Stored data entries
· · · · ·

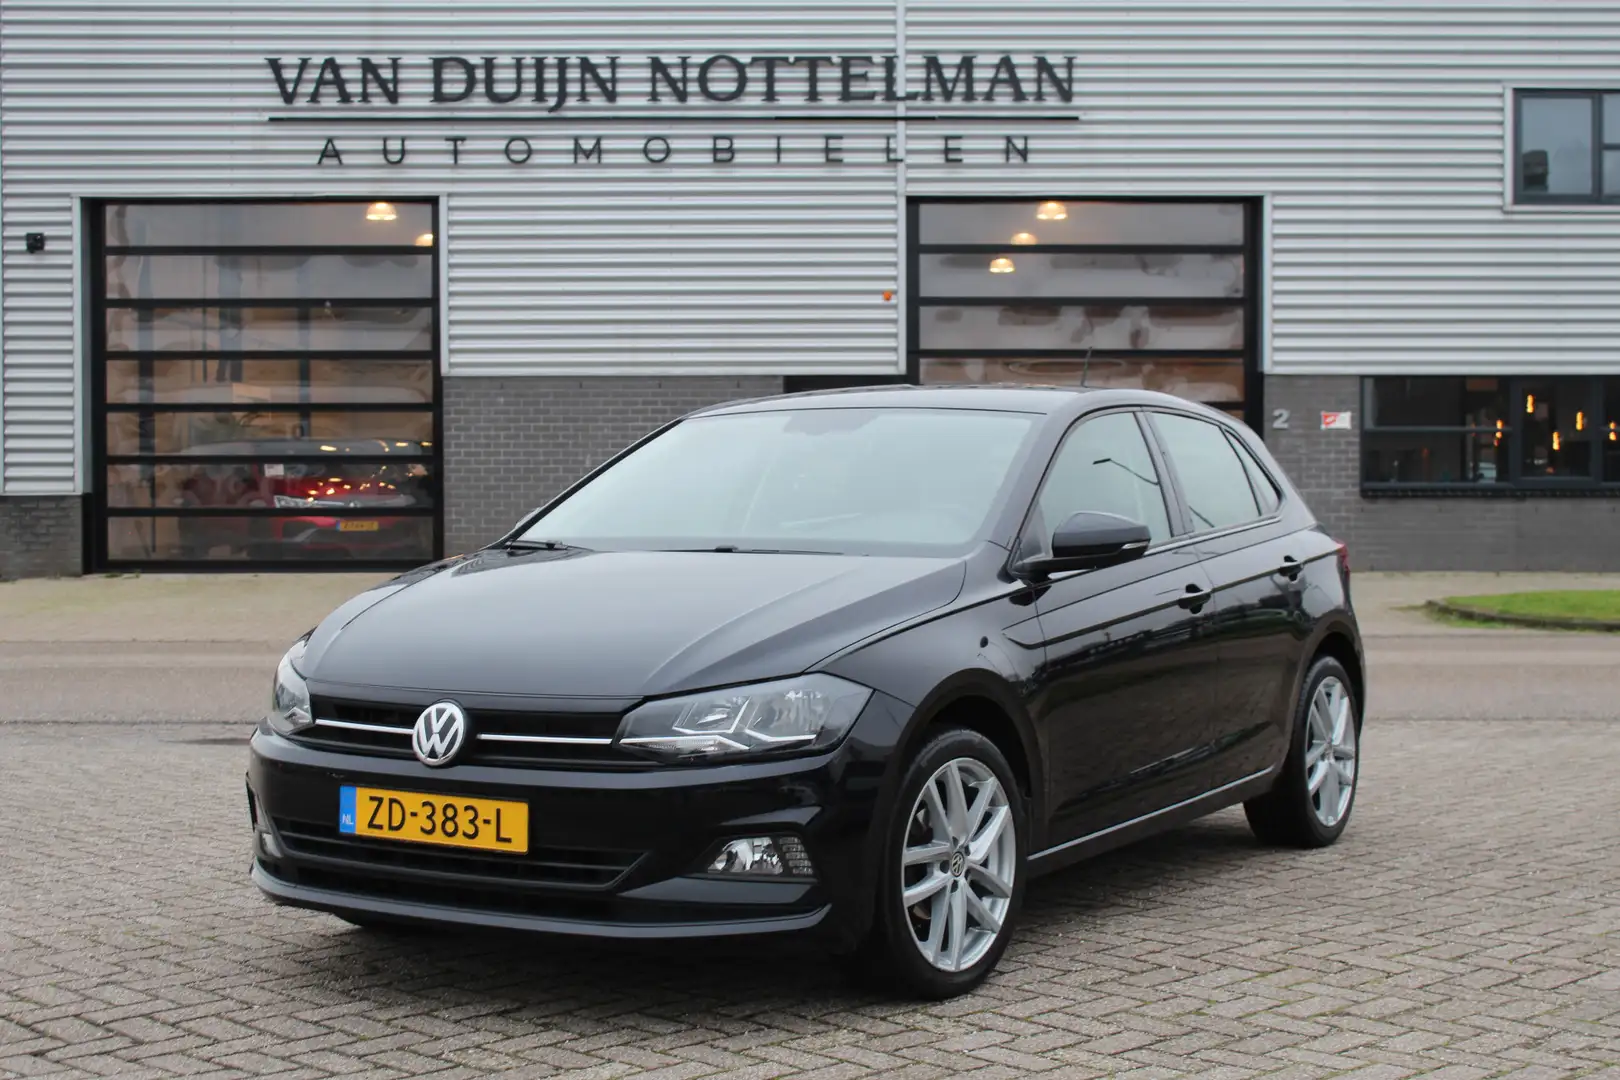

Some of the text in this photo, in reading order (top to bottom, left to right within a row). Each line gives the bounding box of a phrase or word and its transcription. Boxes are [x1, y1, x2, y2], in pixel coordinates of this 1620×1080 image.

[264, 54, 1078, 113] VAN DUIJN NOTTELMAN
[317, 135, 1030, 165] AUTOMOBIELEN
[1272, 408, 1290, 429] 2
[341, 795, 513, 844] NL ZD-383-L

· · · · ·

### Task instructions
Copy out all the entries precisely. No images.

### Exercise solution
Some of the text in this photo, in reading order (top to bottom, left to right within a row). Each line gives the bounding box of a phrase or word and its transcription. Boxes are [x1, y1, x2, y2], in pixel coordinates of this 1620×1080 image.

[264, 54, 1078, 113] VAN DUIJN NOTTELMAN
[317, 135, 1030, 165] AUTOMOBIELEN
[1272, 408, 1290, 429] 2
[341, 795, 513, 844] NL ZD-383-L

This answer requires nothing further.